ゆえに、身近なところから、嫌われてゆく。

じゅんすいに じゅんすいそうに みもざまつ
季語=ミモザ
※マメ科の常緑高木。細い枝に小さな黄色い毬状の花が群がり咲くます。
※つい先日、やや近所にミモザの木を偶然見つけた。咲くのが楽しみです。
※まだツボミでした。きょうもありがとうございます。

6日(金)

すれ違うことに慣れ過ぎ竹の秋

この時期の竹は、商品にならないのだとか。
疲れているからね。

すれちがう ことになれすぎ たけのあき
季語=竹の秋
※竹は春に黄葉し、秋に青々と茂ります。
※黄葉といっても初夏に顔を出す筍に、その栄養分を与えているから。
※春と秋、自己都合か、外的要因かの違いがあるのかもしれません。
※知らないと気づかないかも。きょうもありがとうございます。

5日(木)

人間の限界を知る春の虫

今日、なにやらの虫を見た気がしたのです。

にんげんの げんかいをしる はるのむし
季語=春の虫
※明日3月6日は啓蟄。
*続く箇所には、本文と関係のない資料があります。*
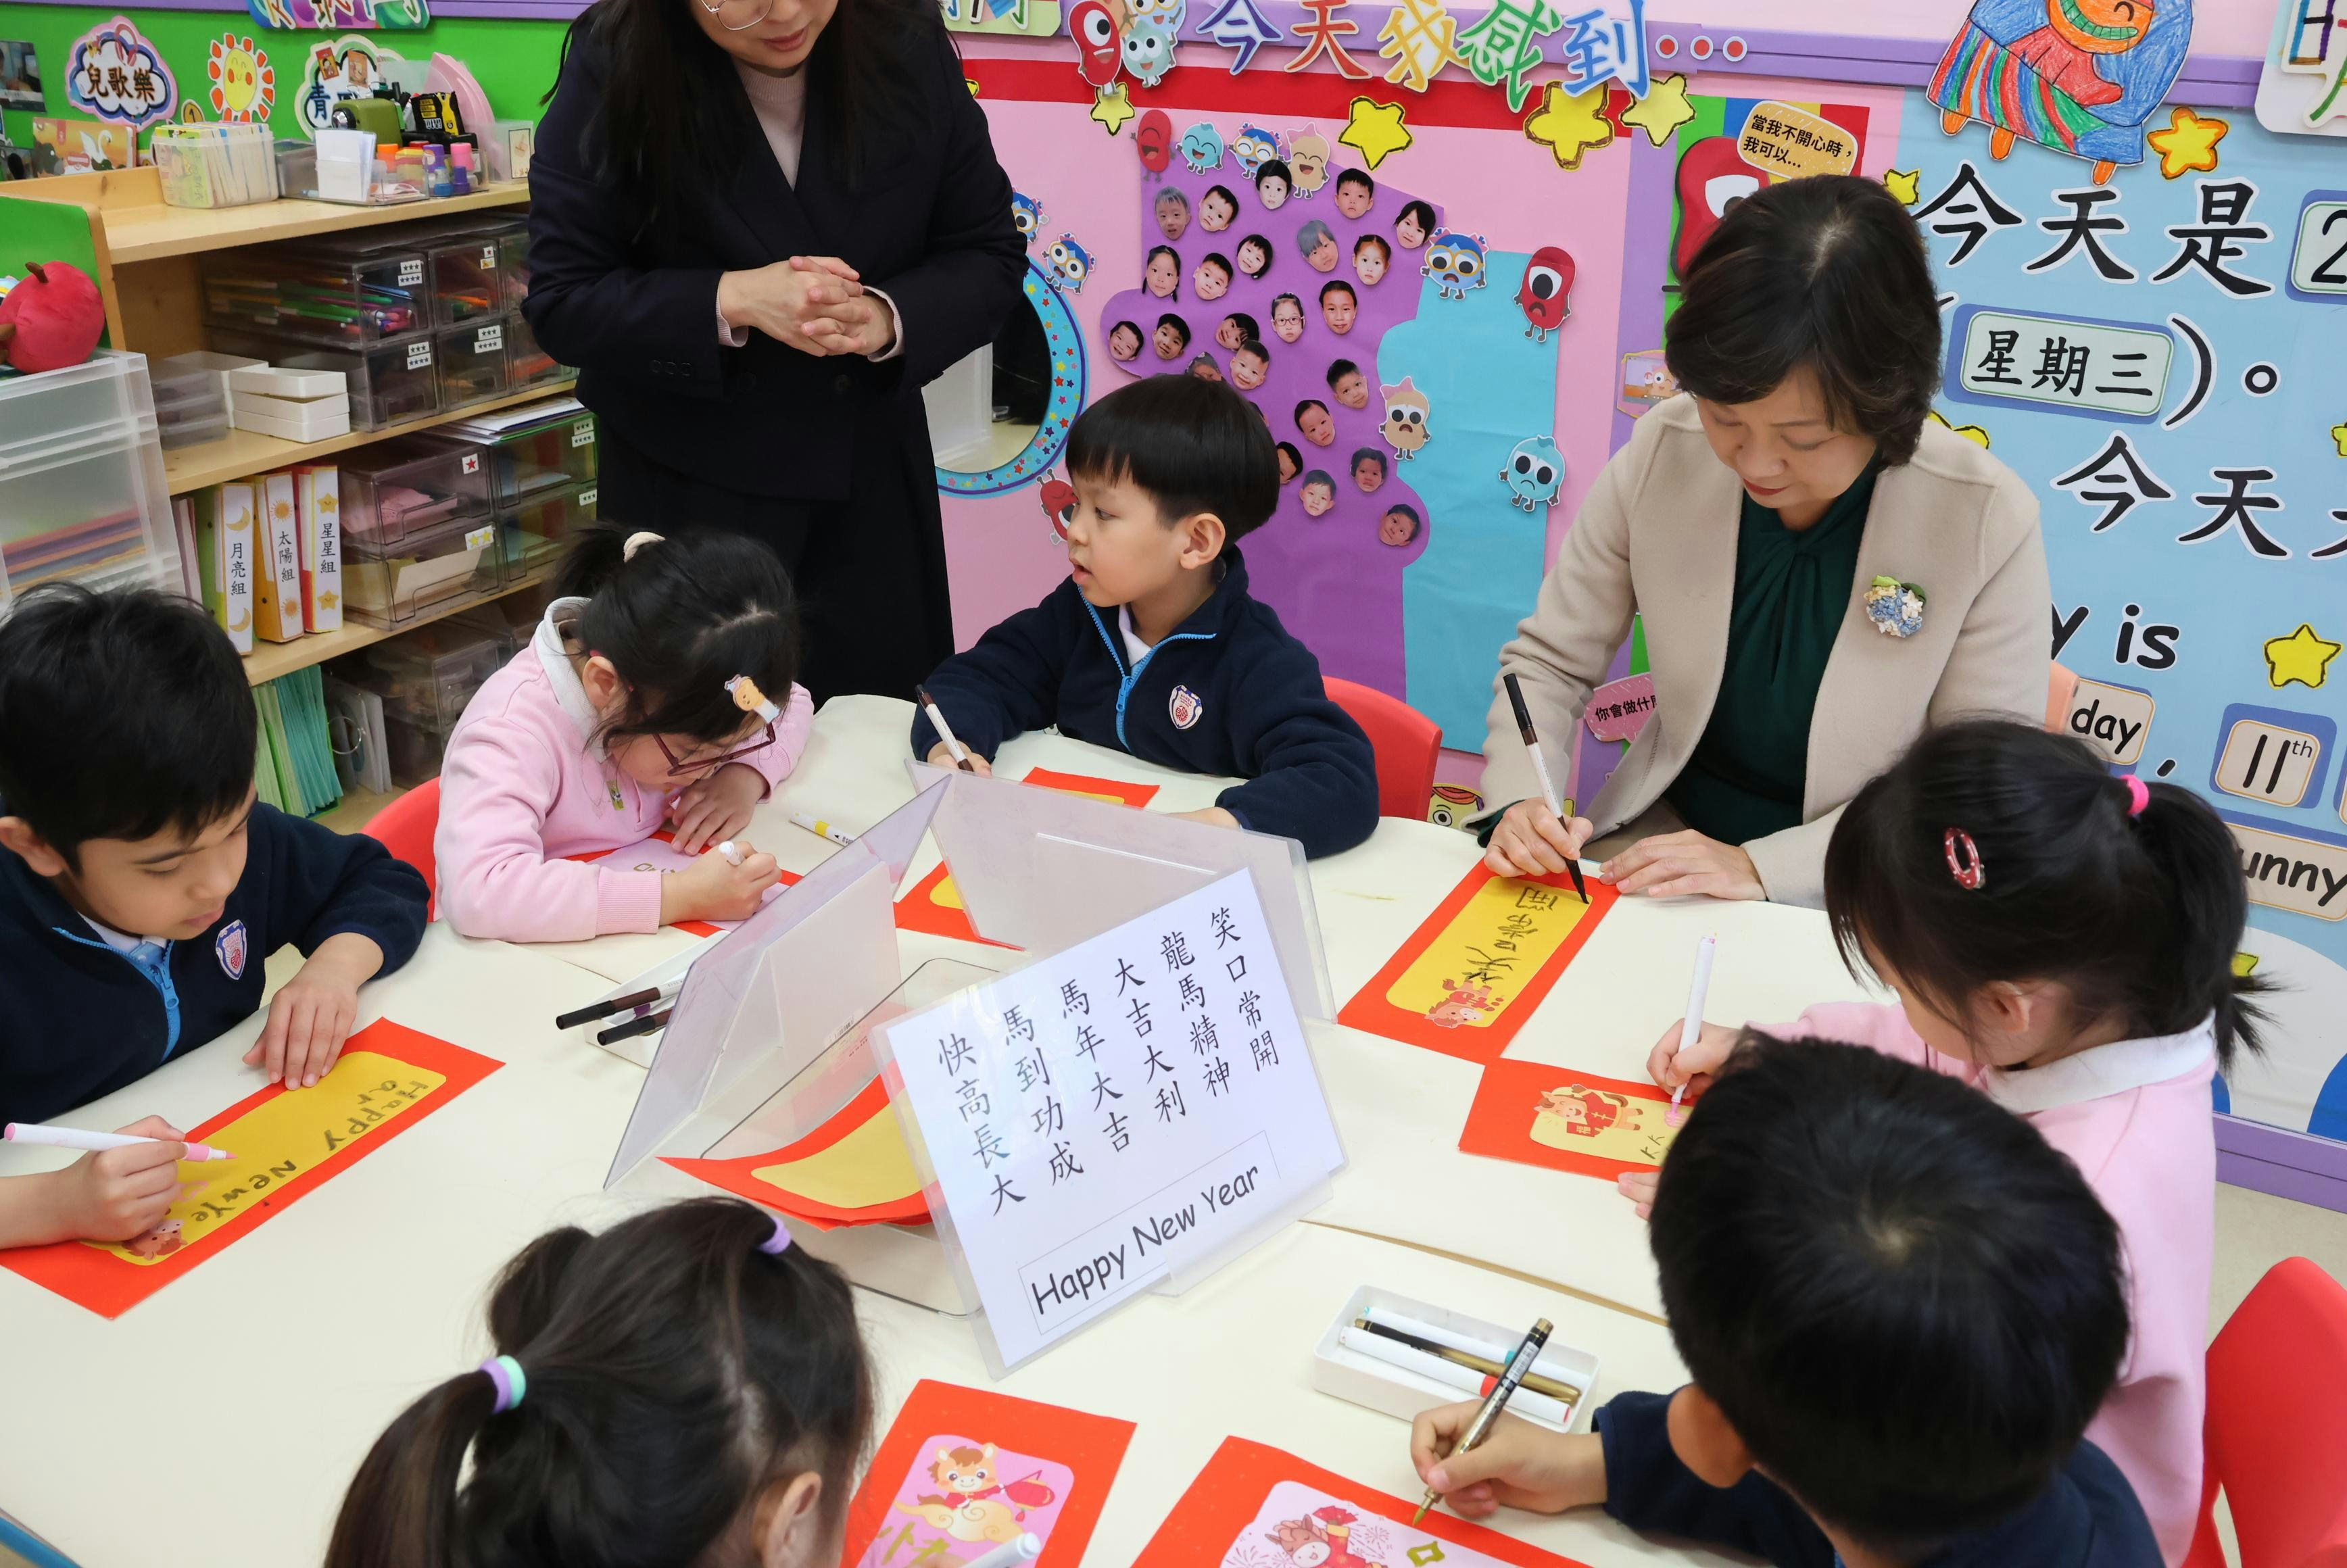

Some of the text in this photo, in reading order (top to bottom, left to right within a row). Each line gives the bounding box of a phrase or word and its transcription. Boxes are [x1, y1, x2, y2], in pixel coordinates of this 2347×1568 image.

[87, 63, 155, 103] 兒歌樂
[1911, 164, 2272, 295] 今天是
[230, 542, 247, 595] 月亮組
[278, 531, 295, 583] 太陽組
[320, 522, 337, 574] 星星組
[2116, 604, 2180, 670] is
[1461, 886, 1559, 985] 笑口常開
[2238, 848, 2347, 906] unny
[1114, 958, 1187, 1123] 大吉大利
[1160, 931, 1230, 1098] 龍馬精神
[1210, 906, 1280, 1073] 笑口常開
[938, 1032, 1027, 1217] 快高長大
[1002, 1004, 1085, 1186] 馬到功成
[1060, 978, 1132, 1153] 馬年大吉
[1031, 1165, 1259, 1315] Happy New Year
冬眠していた虫や蛇などが穴から出てくるとされる日です。
※あら?と思いましたが、「春の虫」という総体的な季語はないようです。
※目の前を飛んでいった。きょうもありがとうございます。

4日(水)

沈丁の香も深くなり丸くなり

昼間より夜の方が香る気がします。

じんちょうの かもふかくなり まるくなり
季語=沈丁花
※星型の小さな花が寄り集まって、毬状に咲きます。
※春の沈丁花、秋の金木犀。どちらも風に乗って遠くまで香り、雨の日には特に香ります。
※七分ほど咲いてた。きょうもありがとうございます。

3日(火)

諦めることなく三月三日かな

よく来るメジロが、2羽になっていた。

あきらめる ことなくさんがつ みっかかな
季語=三月
※この句の季語としては三月になりますが、三月三日は雛祭り、桃の節句ですね。
※つがいなのかもね。きょうもありがとうございます。

2日(月)

強情な口元さむし牡丹の芽

揺らめく炎のようにも見えます。

ごうじょうな くちもとさむし ぼたんのめ
季語=牡丹の芽
※春も早い時期から、冬枯れした枝の先端に、燃えるような赤い芽を付けます。
※いろいろな芽が動いています。きょうもありがとうございます。

1日(日)

三月にぼちぼちあわす腕時計

ひと月28日って、短い。

さんがつに ぼちぼちあわす うでどけい
季語=三月
※日ごとに暖かくなる月。必然、雨の日も多くなります。
※で、初日から雨かよ。きょうもありがとうございます。